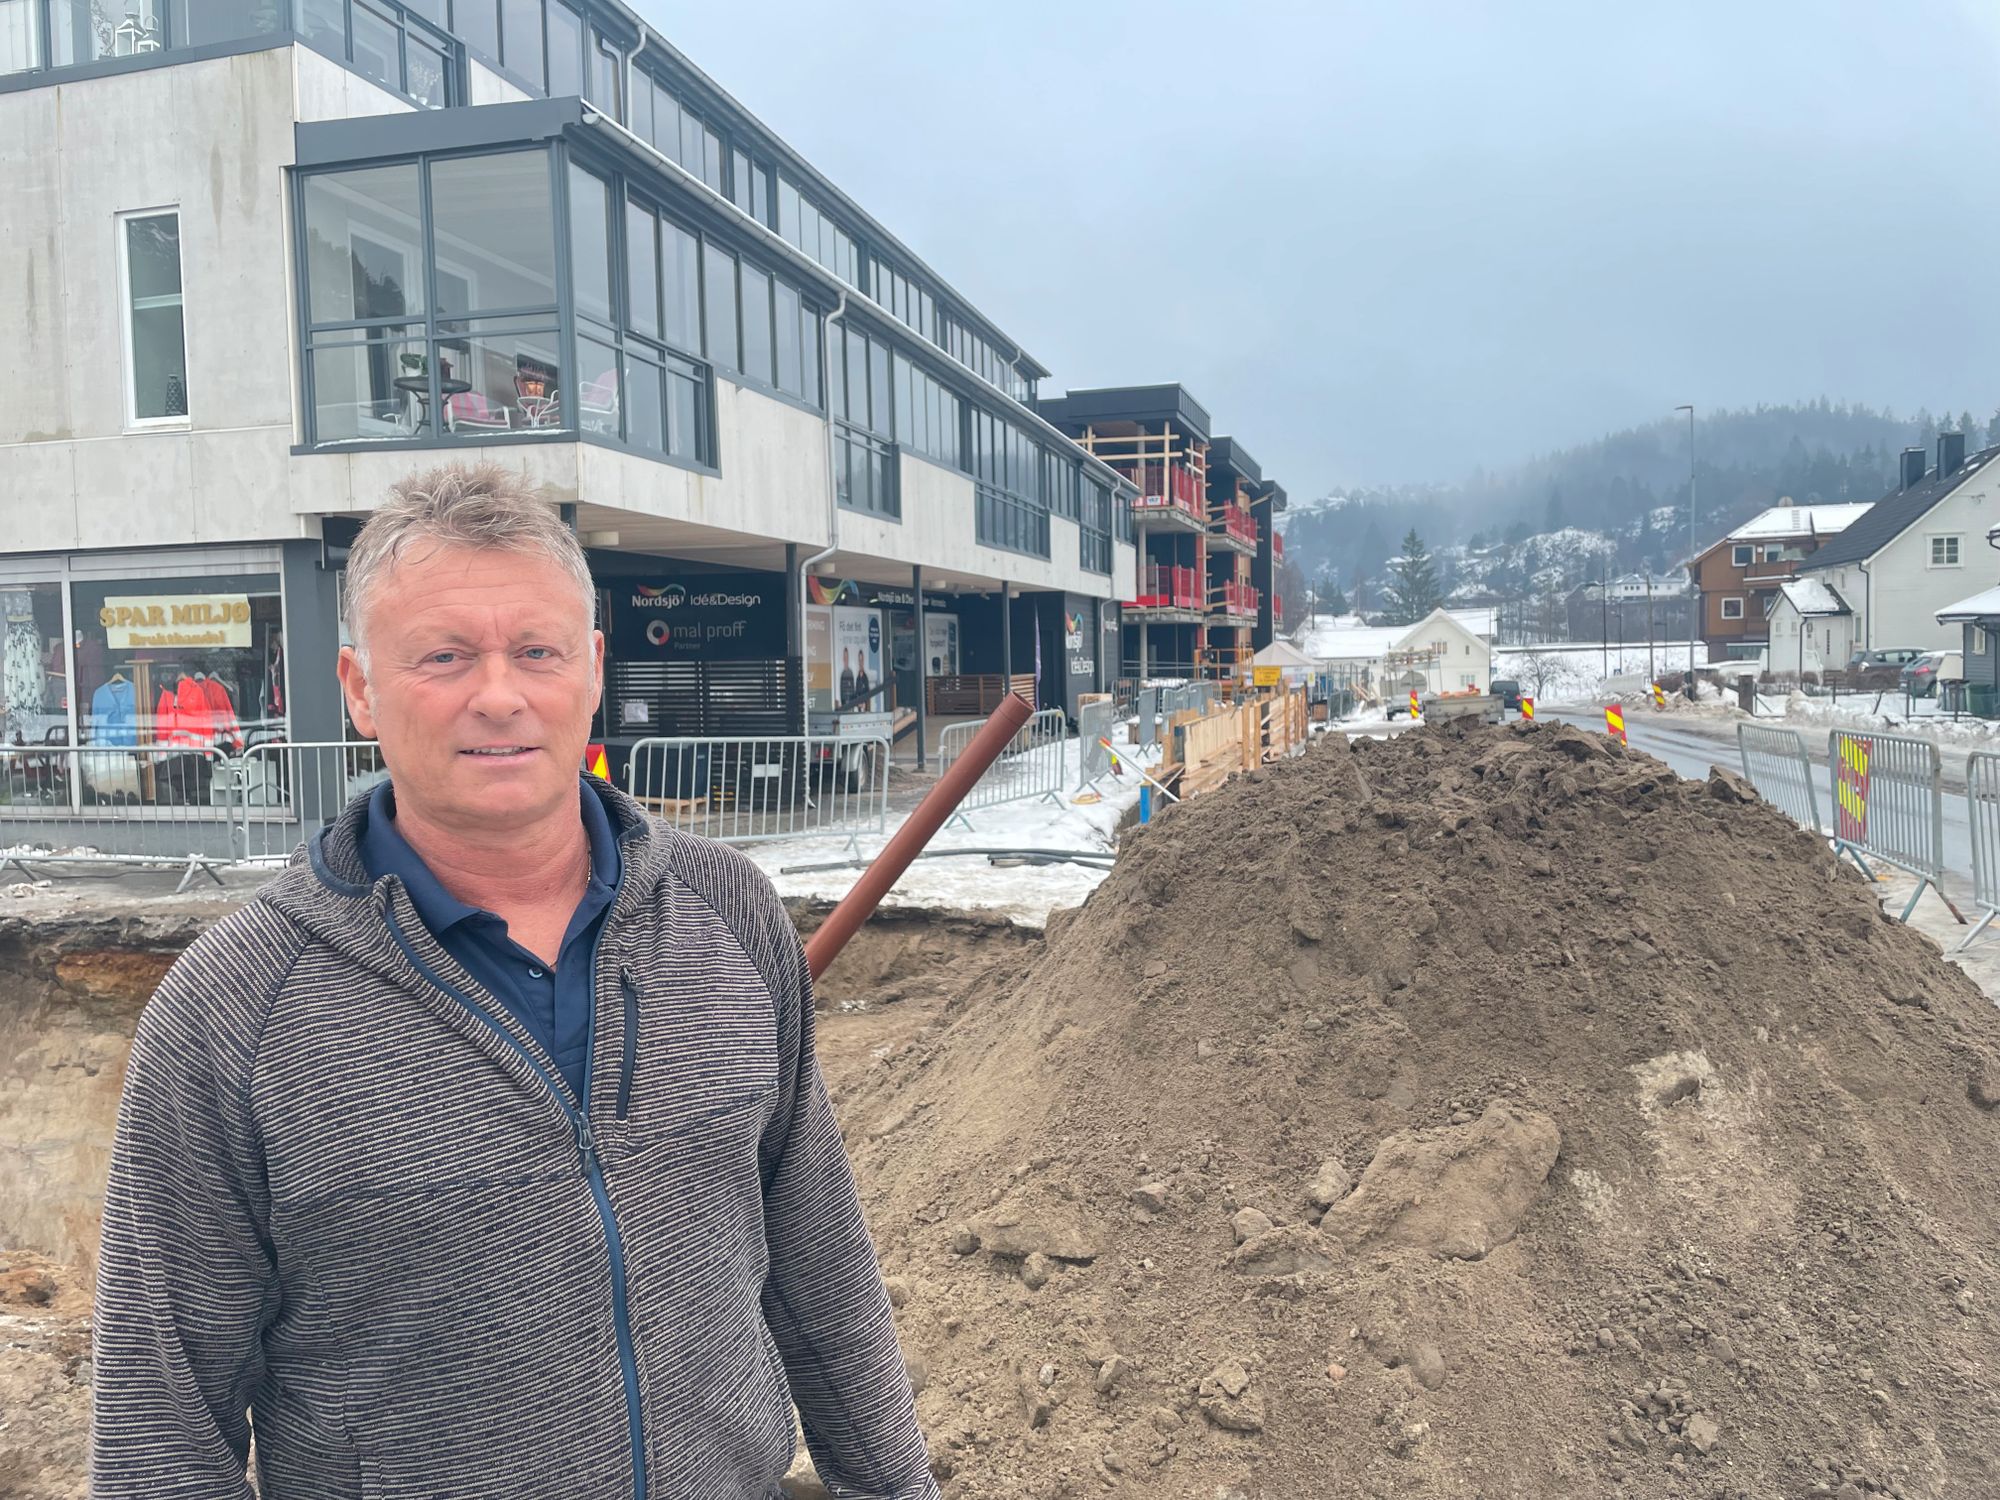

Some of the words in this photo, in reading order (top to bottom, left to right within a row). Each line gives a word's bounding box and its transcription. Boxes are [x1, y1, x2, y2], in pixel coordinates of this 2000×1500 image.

[631, 594, 681, 609] Nordsjö
[99, 606, 166, 627] SPAR
[170, 602, 250, 624] MILJØ
[673, 621, 701, 638] mal
[706, 620, 747, 641] proff
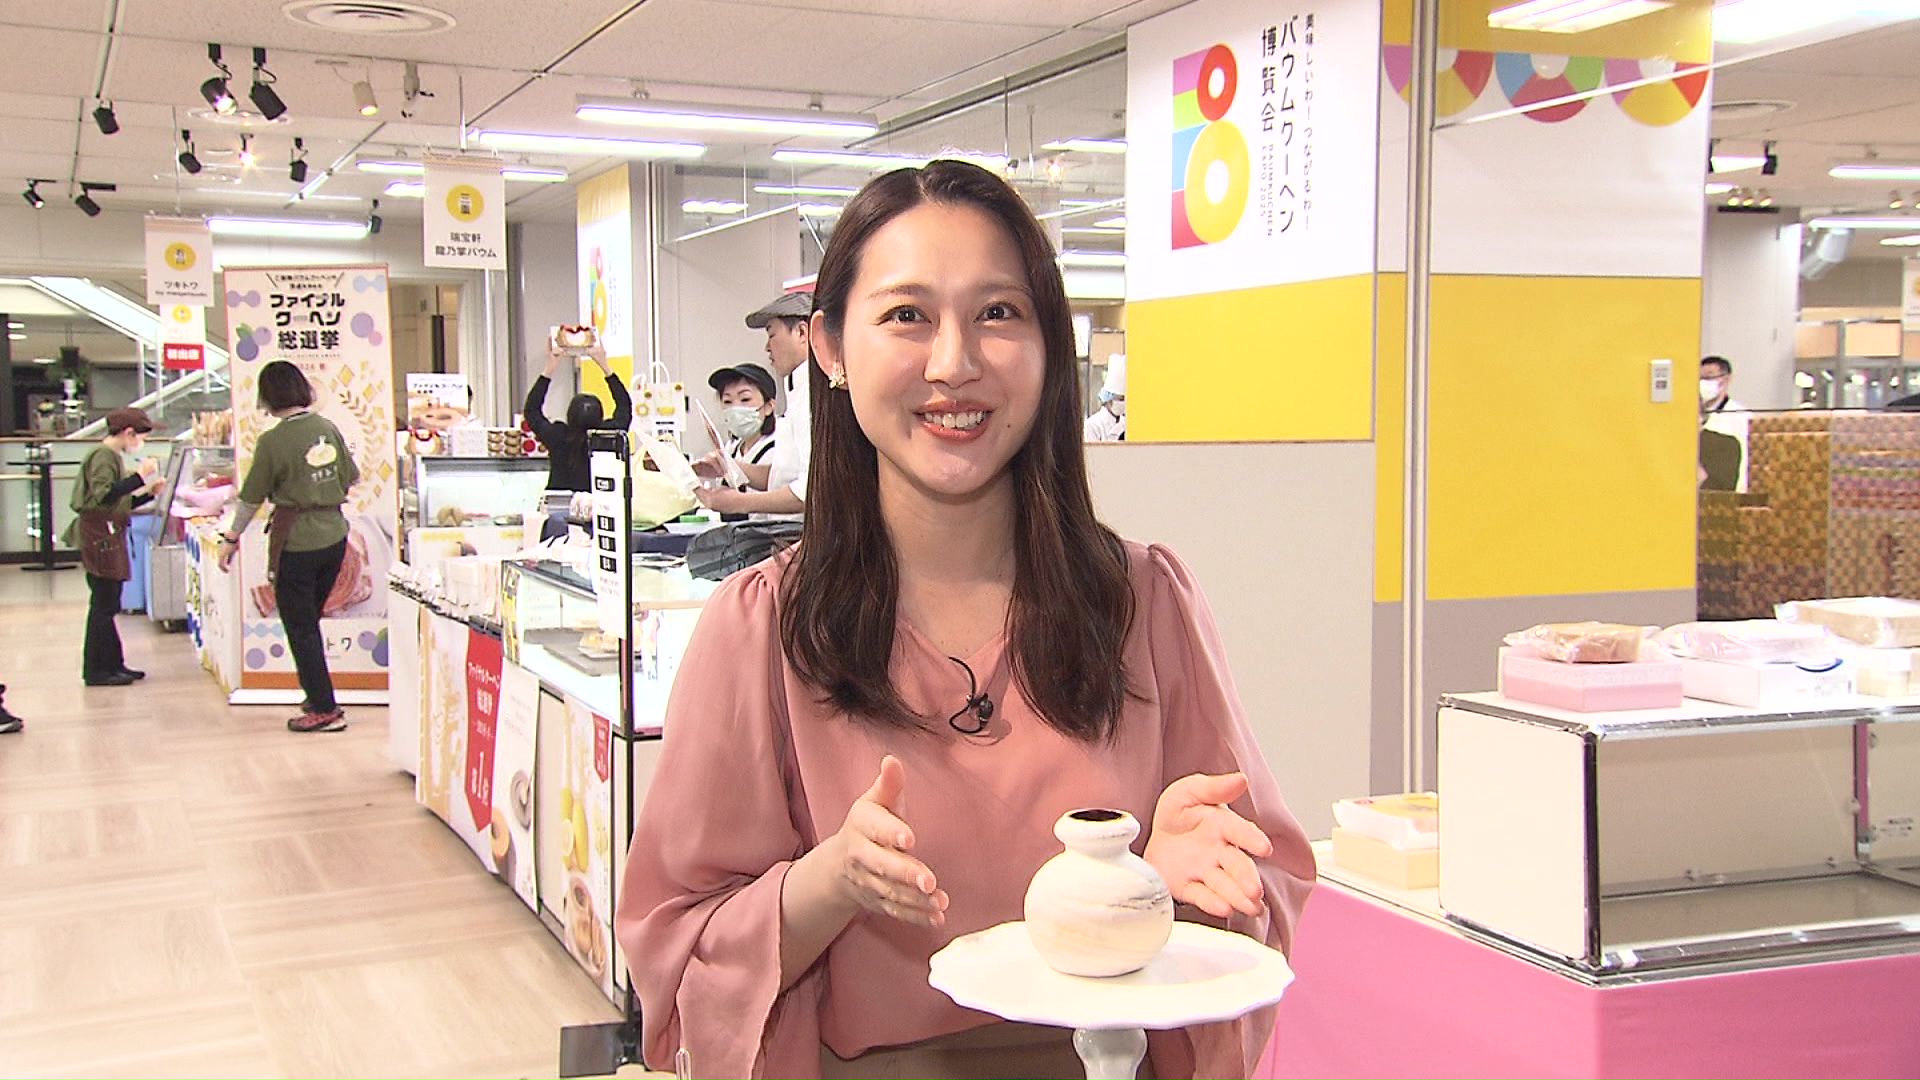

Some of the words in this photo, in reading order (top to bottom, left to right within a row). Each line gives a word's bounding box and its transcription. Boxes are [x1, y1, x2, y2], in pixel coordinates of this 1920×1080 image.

[1261, 26, 1278, 132] 博覧会
[1280, 14, 1299, 233] バウムクーヘン
[270, 293, 345, 308] ファイナル
[275, 311, 341, 326] クーヘン
[277, 330, 340, 350] 総選挙
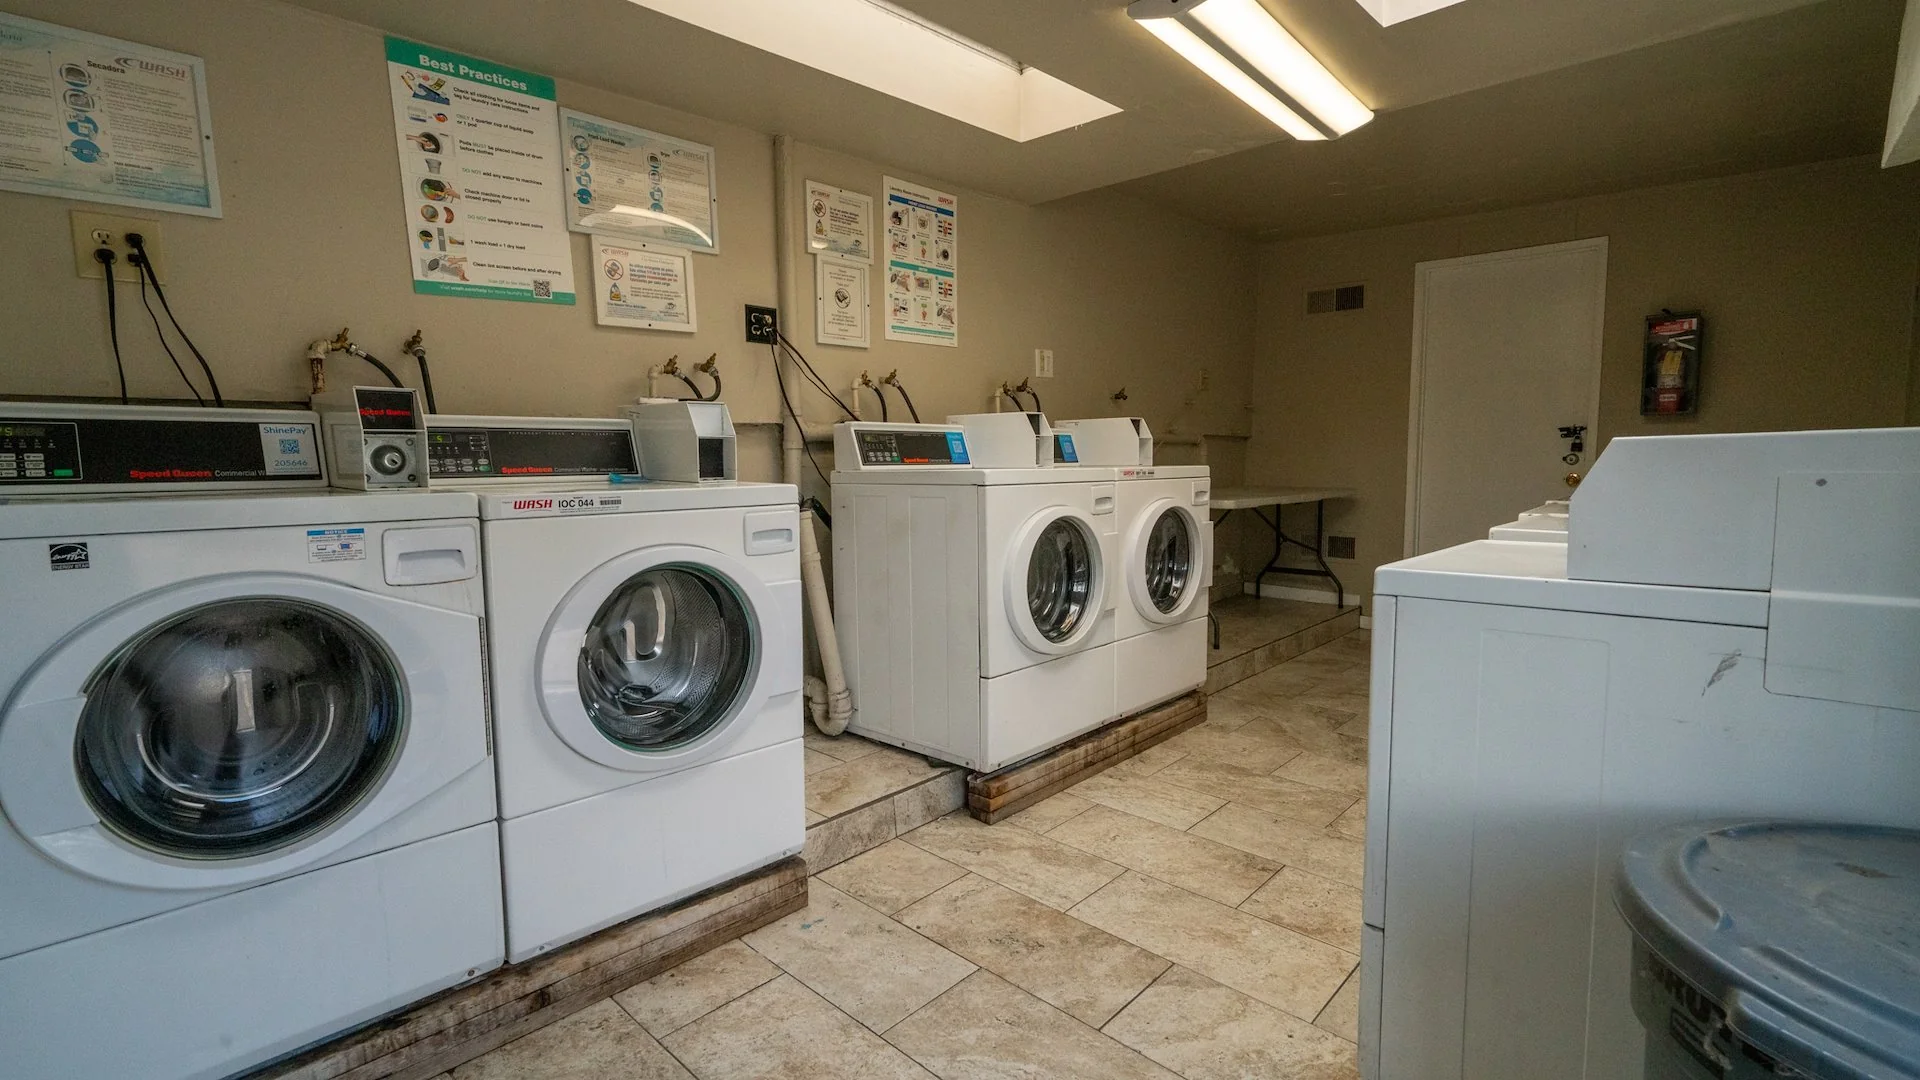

#### Exercise description
Exactly as written, reproduce all of the entries while dropping the pictures.

#### Final answer
Some of the words in this photo, in reading order (top to bottom, left to right within a row). Each line gives a word's bounding box and its transcription. Boxes are [x1, y1, x2, y2], in pixel coordinates of this 2000×1500 image.

[631, 594, 681, 609] Nordsjö
[99, 606, 166, 627] SPAR
[170, 602, 250, 624] MILJØ
[673, 621, 701, 638] mal
[706, 620, 747, 641] proff

Some of the words in this photo, in reading order (top to bottom, left to right within a row). Each line gives a word's bounding box and its transcription. Boxes are [x1, y1, x2, y2], in pixel coordinates of this 1920×1080 image.

[1261, 26, 1278, 132] 博覧会
[1280, 14, 1299, 233] バウムクーヘン
[270, 293, 345, 308] ファイナル
[275, 311, 341, 326] クーヘン
[277, 330, 340, 350] 総選挙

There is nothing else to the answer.